Other notable bulls include Simbo Danair, bred by Graham Simms of Cheshire. He was purchased following a farm visit, and was already entered for the Royal Show. To the Allison’s delight, Danair took the Junior Breed Championship, which gave them a very proud moment.
Scordale Beefy is a current bull making his mark on the herd. By Goldies Rupert, he is out of Scordale Roulette. Another homebred bull is Scordale Uncanny. Crossdykes Buddha is also expected to be a major influence, and Richard likes his “extreme thickness through the back and loin.” The 2006-born bull by Sarkley Thunderbolt was purchased from James Common of Crossdykes, Lockerbie, for 5,000 guineas.

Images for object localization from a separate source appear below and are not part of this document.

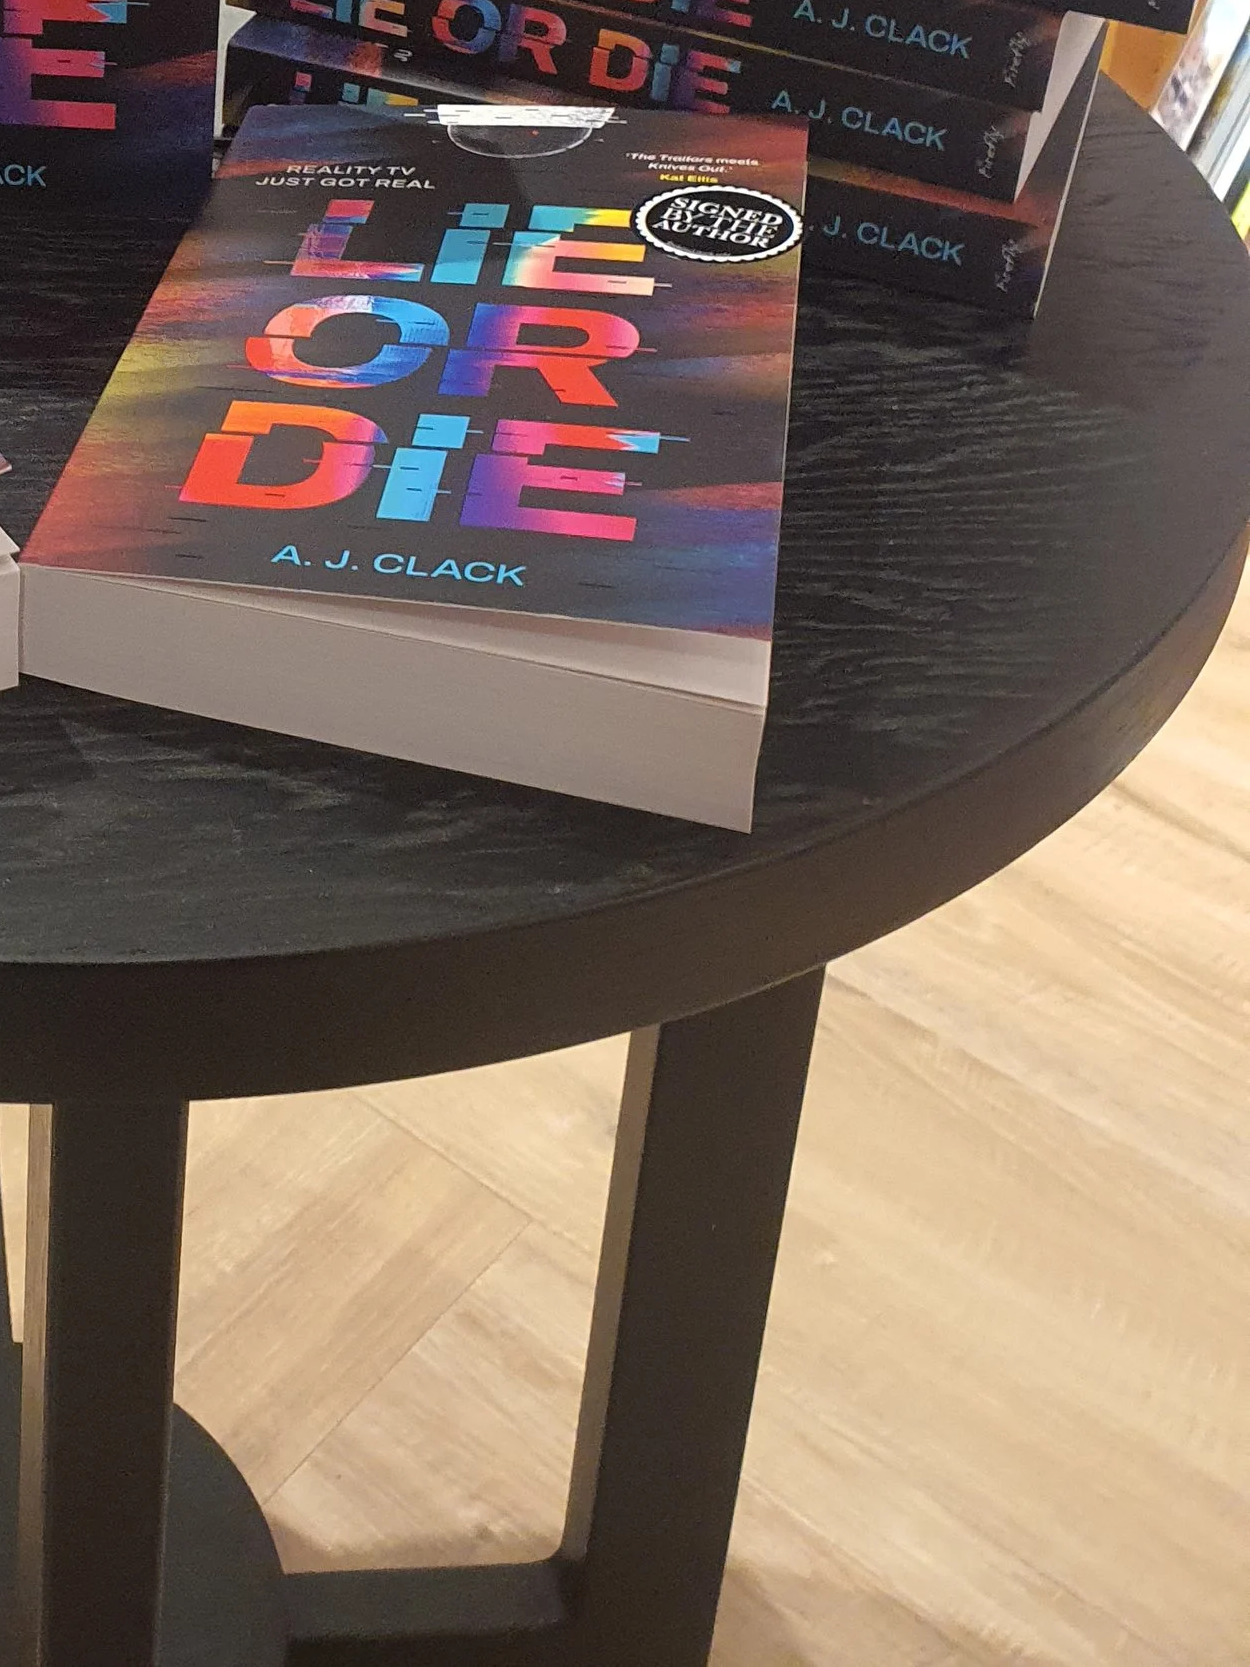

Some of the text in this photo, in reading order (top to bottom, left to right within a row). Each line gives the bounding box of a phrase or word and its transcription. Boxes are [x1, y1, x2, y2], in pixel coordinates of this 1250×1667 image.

[831, 7, 855, 31] J.
[865, 14, 974, 60] CLACK
[255, 176, 436, 189] JUST GOT REAL
[286, 165, 416, 176] REALITY TV
[661, 207, 779, 239] BY THE
[671, 197, 784, 226] SIGNED
[653, 221, 770, 249] AUTHOR
[245, 294, 641, 408] OR
[271, 544, 527, 587] A. J. CLACK
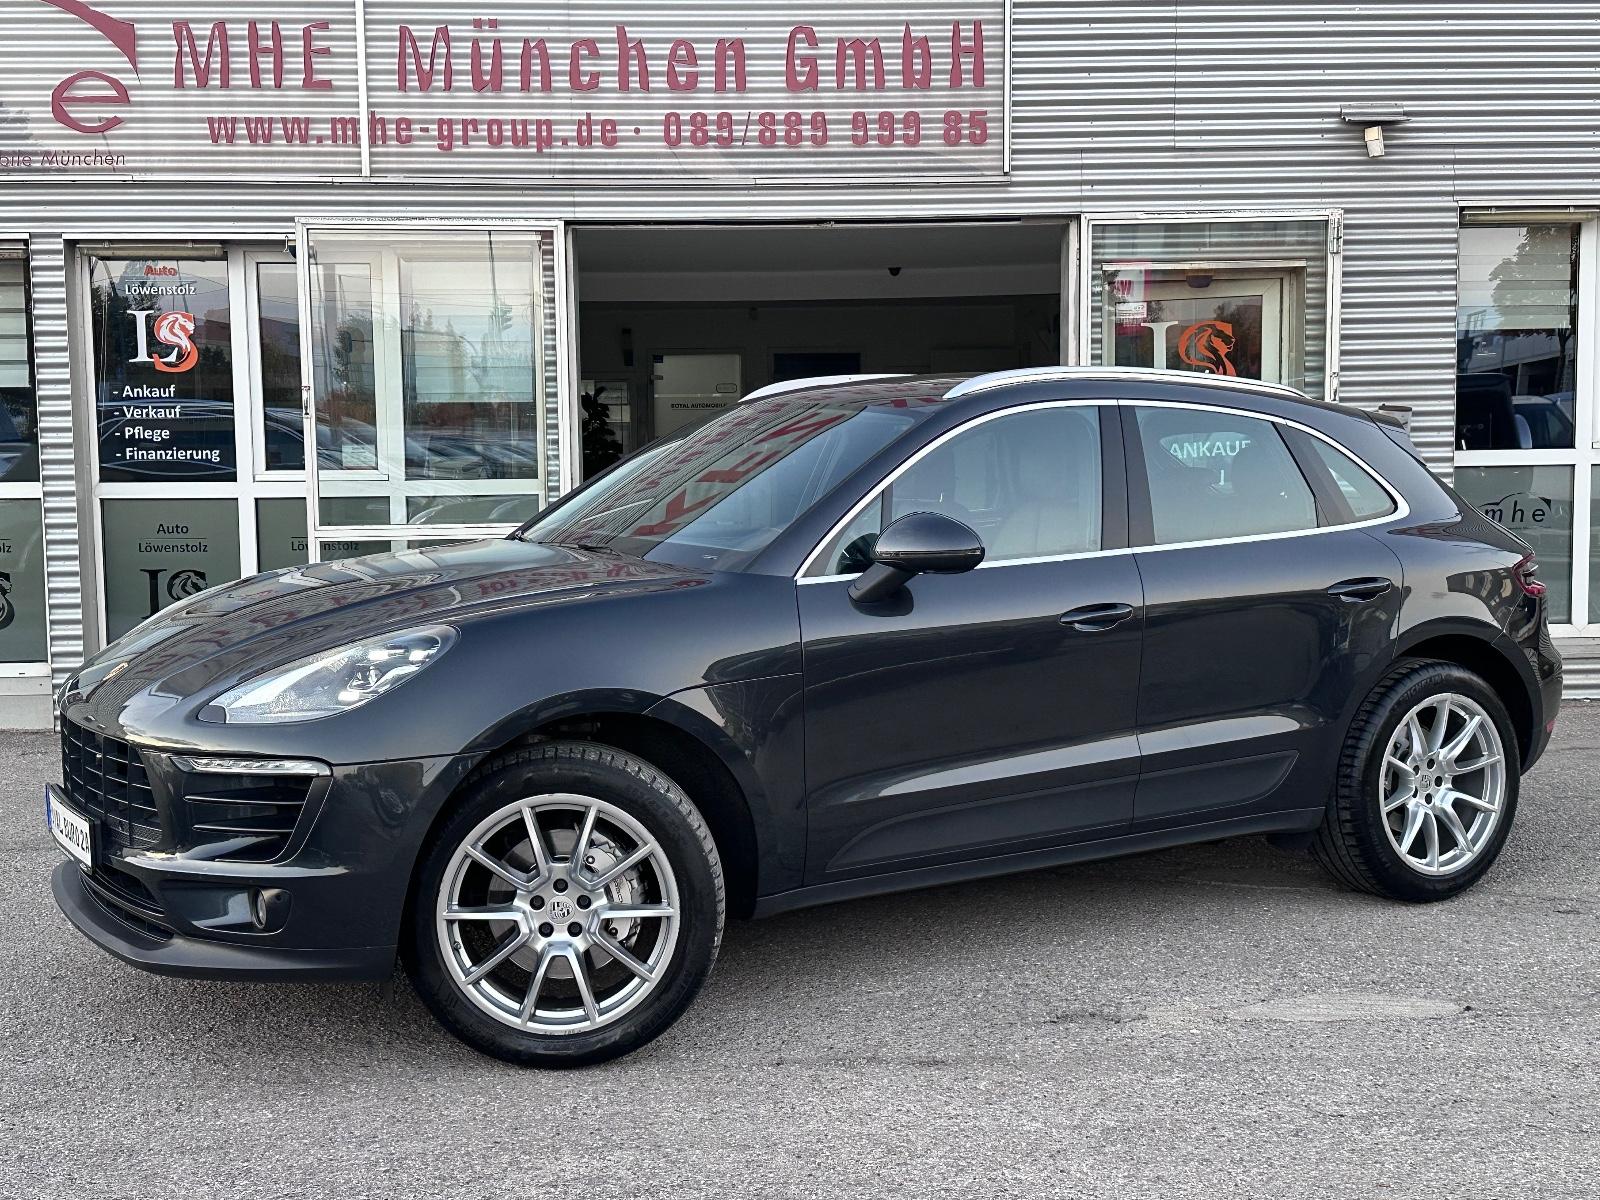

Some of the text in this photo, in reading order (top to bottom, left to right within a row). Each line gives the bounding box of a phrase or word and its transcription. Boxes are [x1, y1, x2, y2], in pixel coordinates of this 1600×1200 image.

[175, 19, 984, 92] MHE München GmbH
[209, 110, 988, 151] www.mhe-group.de 089/889 999 85
[40, 149, 126, 166] München
[144, 265, 178, 277] Auto
[124, 282, 196, 296] Löwenstolz
[122, 384, 176, 398] Ankauf
[123, 404, 181, 419] Verkauf
[124, 425, 170, 442] Pflege
[125, 446, 221, 462] Finanzierung
[156, 523, 190, 535] Auto
[138, 538, 208, 553] Löwenstolz
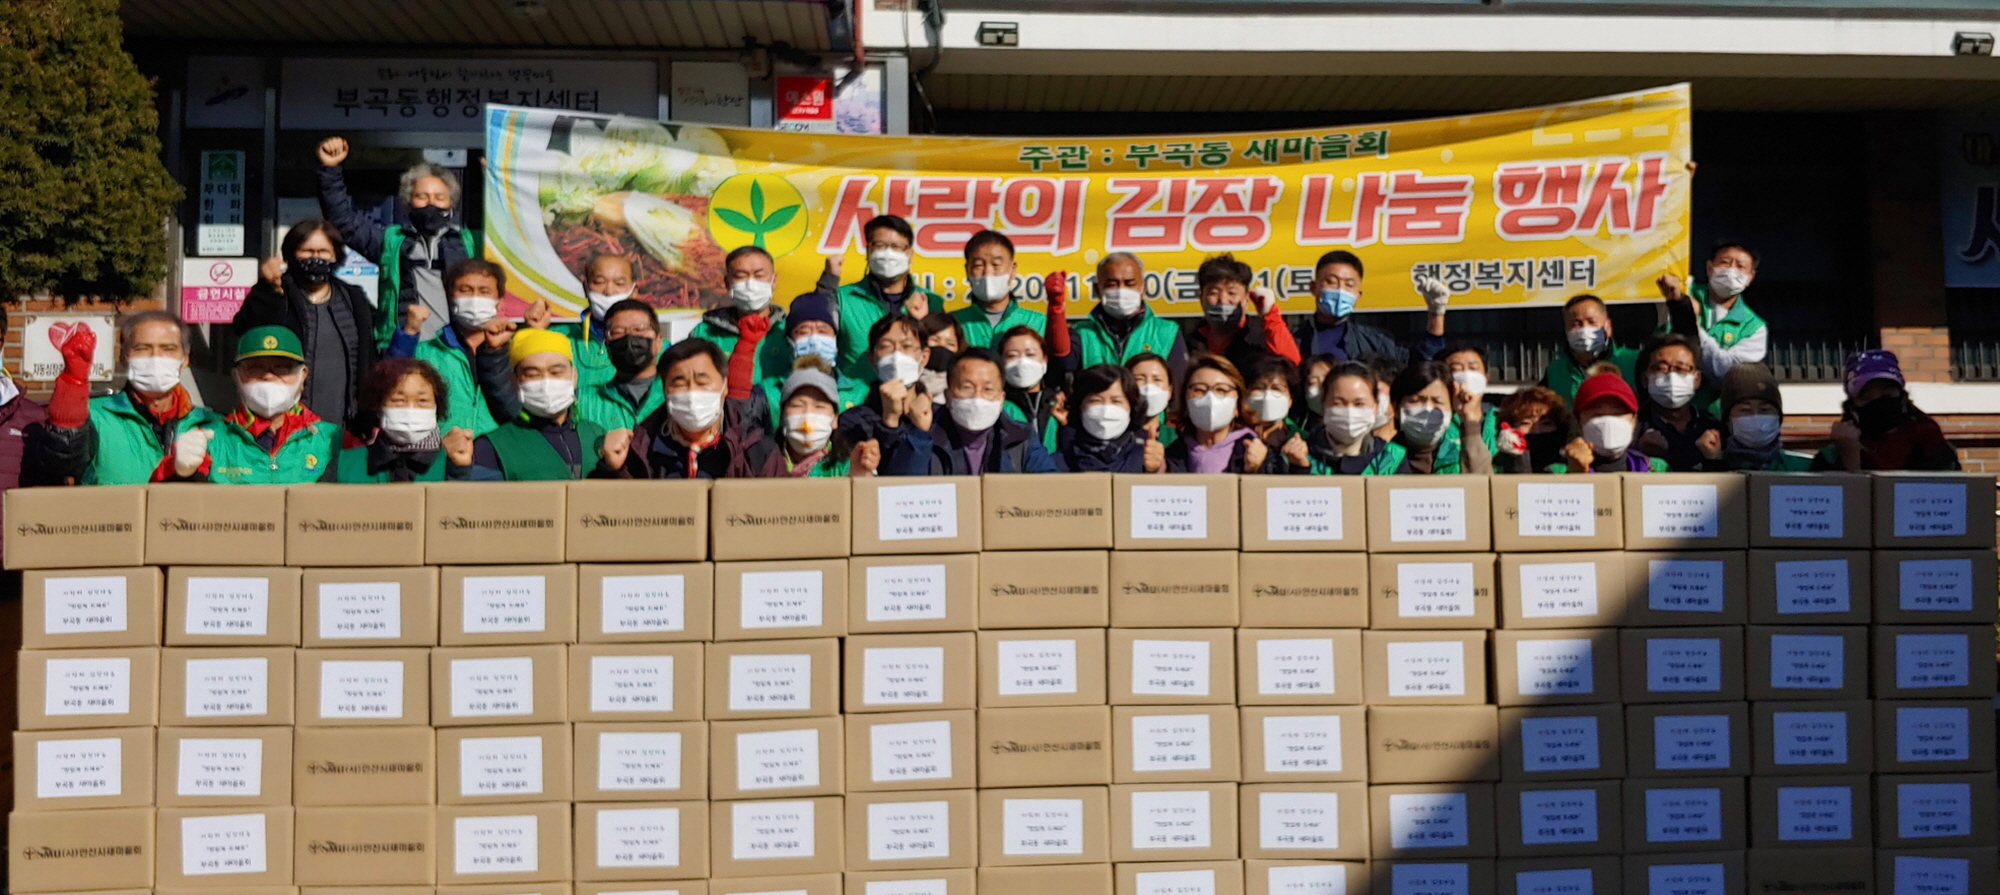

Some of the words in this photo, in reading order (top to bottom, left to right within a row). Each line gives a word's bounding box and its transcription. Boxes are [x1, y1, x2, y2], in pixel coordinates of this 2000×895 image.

[1018, 145, 1090, 170] 주관
[1125, 141, 1231, 168] 부곡동
[1243, 129, 1390, 163] 새마을회
[820, 176, 1086, 252] 사랑의
[1107, 176, 1279, 249] 김장
[1298, 171, 1472, 244] 나눔
[1497, 155, 1669, 238] 행사
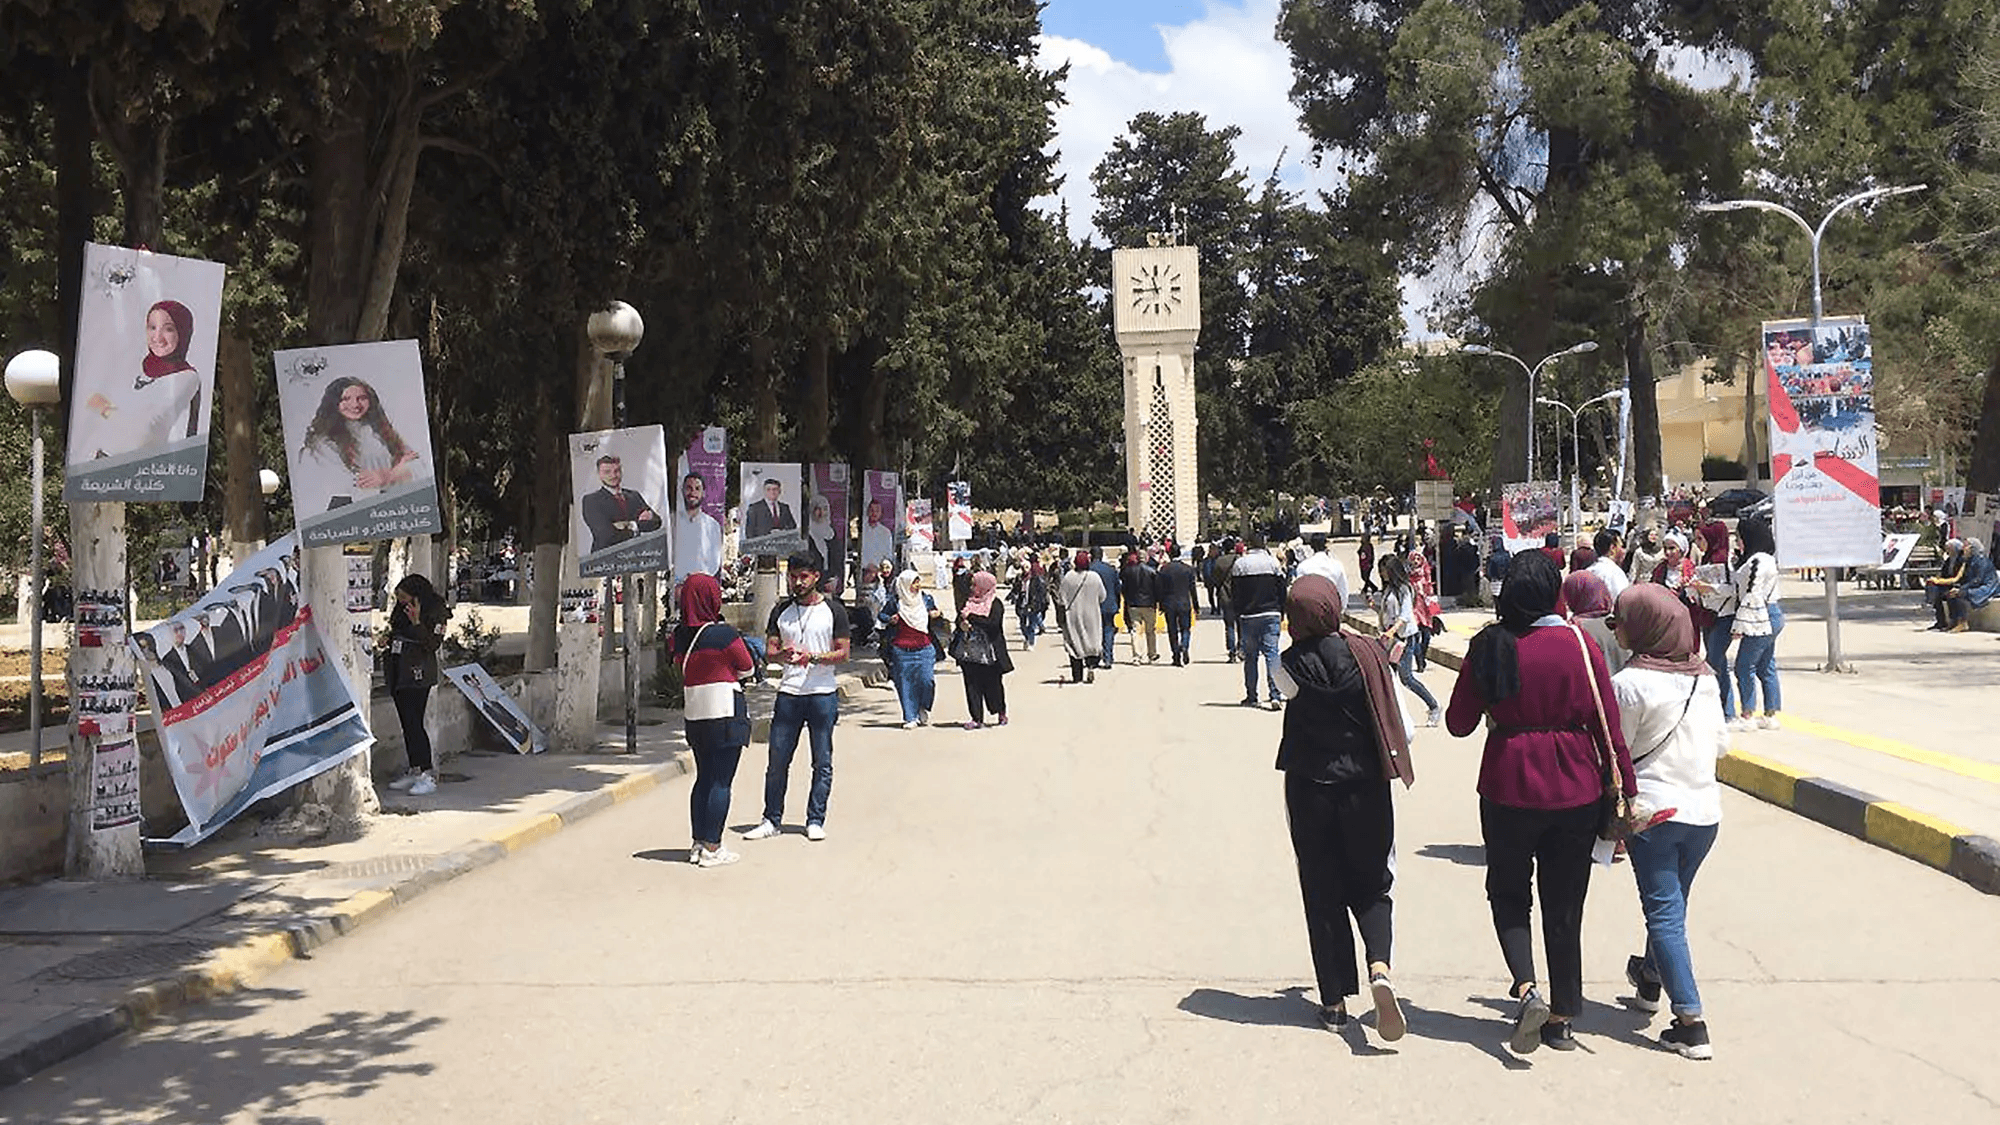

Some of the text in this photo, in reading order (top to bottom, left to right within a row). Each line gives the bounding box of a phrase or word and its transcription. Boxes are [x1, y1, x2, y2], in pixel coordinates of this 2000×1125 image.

[178, 463, 198, 476] دانا
[81, 478, 165, 494] كلية الشريعة
[400, 517, 432, 532] كلية

Limousin cows from the Scordale herd are good doers and often live until well into their teens, says Richard. It is not unusual for a female to produce 10 or more calves during her lifetime, and the excellent conformation of cull cows usually commands a market premium.
Future plans at Muirburn include a gradual increase in cow numbers to 160 head, and a further reduction of the sheep flock. “The sheep market can be very unpredictable. Flock management is labour intensive, and our lambing period clashes with calving. With just the two of us working on the farm, we have to try and arrange the business around an even workload, where possible,” says Richard.
“We feel optimistic about the future. We are always endeavouring to improve our cattle, and the Limousin has given us a head start. All in all, we don’t think the breed will ever be beaten, which is why it has so many loyal followers.”